Grubun en güzel yüzlü ve en yılan üyesi olan Merve Pelin ve Arzu’ya ne içirmişte kendisine uydu yapmış bilinmez. İstediğini elde etmeye ve çevresindekilerin hayatını kendi istekleri doğrultusunda yönlendirmeye odaklanan Merve, tehlikeli mi tehlikeli. Sanki dünya onun istediği yönde dönsün istese dünyayı tersine döndürecek kadar psikopat izlenimi veriyor. Kıytırık bir lise grubunun solistliği için çocukluk arkadaşını harcayacak kadar manyak bir kadından bahsediyoruz. Karşısındakileri gülümseyerek iğneleme ekolünden olan Merve, dua etsin ki Yeşilçam dönemimde yaşamıyor. Yoksa çok kısa bir sürede iflas bayrağı çekecek kocasından sonra kötü yollara düşüp, polis baskınlarında yakalanıp, vesikalanmak için de zamanında iftira attığı arkadaşı Oya’nın kliniğine götürülürdü. Oya’yla karşılaşınca da ayaklarına kapanıp, ağlayarak af dilerdi herhalde. Oysa günümüz dizileri Merve gibi anti karakterlerden yana olduğu için Merve asla yıkılmaz, Merve’nin kalesi sarsılmaz. İflas eden Serhan, Oya’dan yüz bulamayıp intihar eder ama Merve yine de dağılmaz. Kraliçelik bunu gerektirir anam, bu Merve dizinin sonunda tüm sarmaşığı ele geçirip orada beylik bile kurar.

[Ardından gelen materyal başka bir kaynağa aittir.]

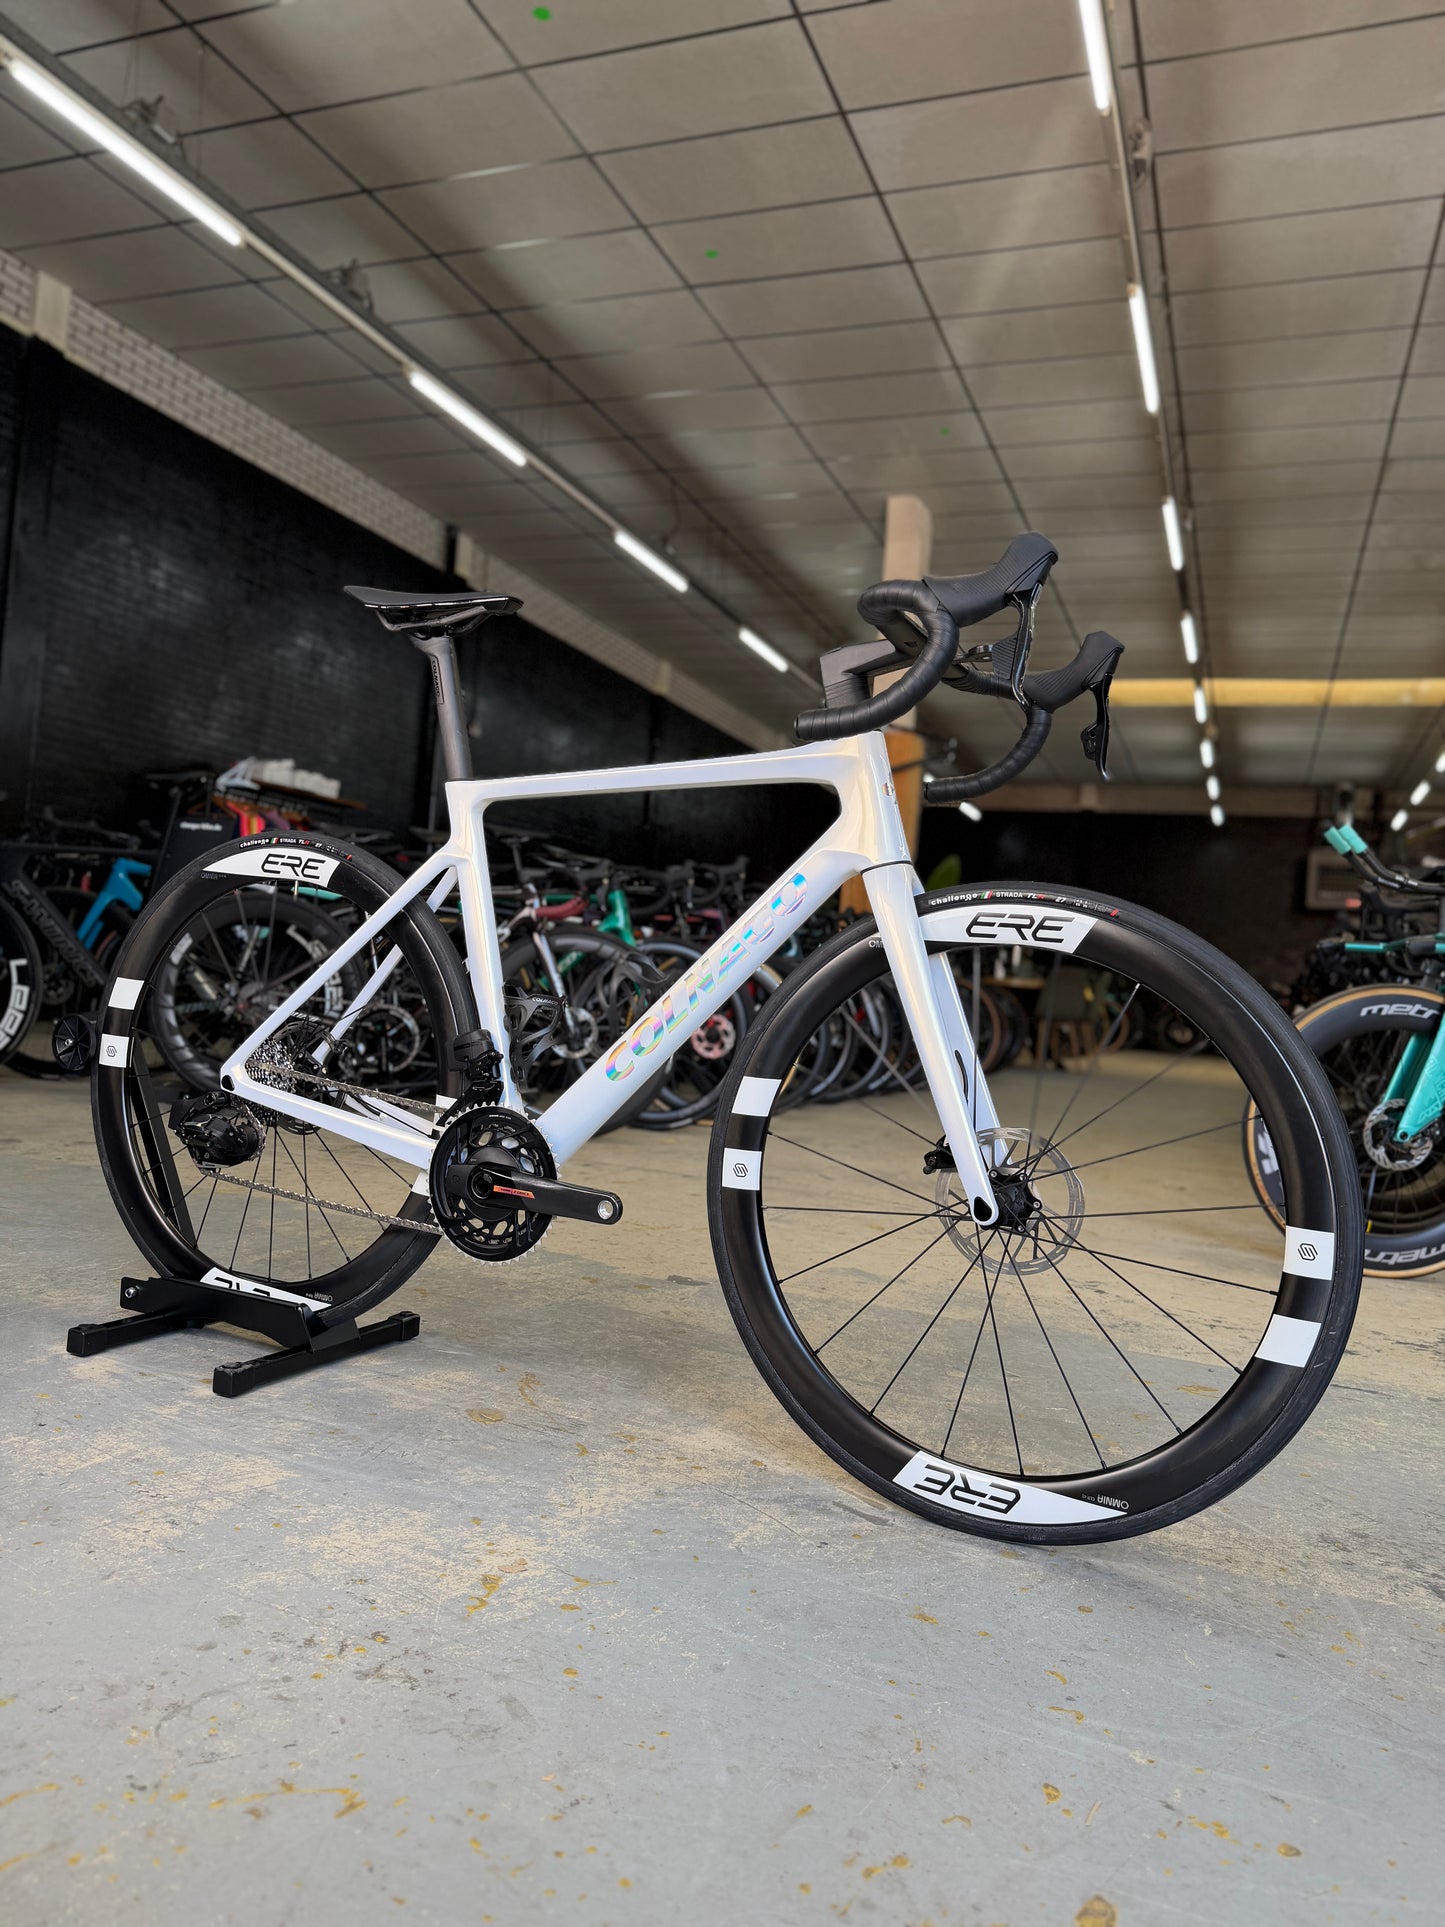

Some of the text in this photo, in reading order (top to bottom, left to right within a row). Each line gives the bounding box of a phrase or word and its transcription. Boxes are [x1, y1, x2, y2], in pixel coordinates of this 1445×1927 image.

[240, 838, 269, 849] challenge
[261, 853, 326, 879] ERE
[930, 893, 978, 906] challenge
[966, 912, 1075, 943] ERE
[604, 872, 808, 1082] COLNAGO
[1360, 1003, 1442, 1019] metr
[913, 1463, 1021, 1514] ERE
[1097, 1494, 1129, 1510] OMNIA

Acıların kadını intikam peşindeki Oya  


Arkadaşlarından yediği ağır kazıktan sonra iftiraya uğrayıp okuldan atılan, ailesini bile kendine inandıramayınca intihar eden, bunun sonucunda da çocuk sahibi olamayacağını öğrenen Oya, acısını kalbine gömüp kendini ilim irfana verir ve doktor olur. Zamanında ona iftira atan arkadaşlarından intikam almak için kolları sıvayan Oya’ya ilerleyen bölümde iftiranın diğer mağduru Edip hoca da katılır. Merve’nin kocası Serhan’la bir koşu sırasında karşılaşan Oya, Serhan’dan etkilense de ahlak yapısına ters olduğu için ondan uzak durmaya karar verir. Bacım bırak bu Serhan ayaklarını filan da sen intikamına odaklan. Vallahi o kadar kazıktan sonra ben olsan kraliçe Merve’yi Marie Antoinette’ye, Pelin’i yel değirmenleriyle savaşan Don Kişot’a, Arzu’yu da Old Boy’daki Dae-su Oh’a çevirirdim.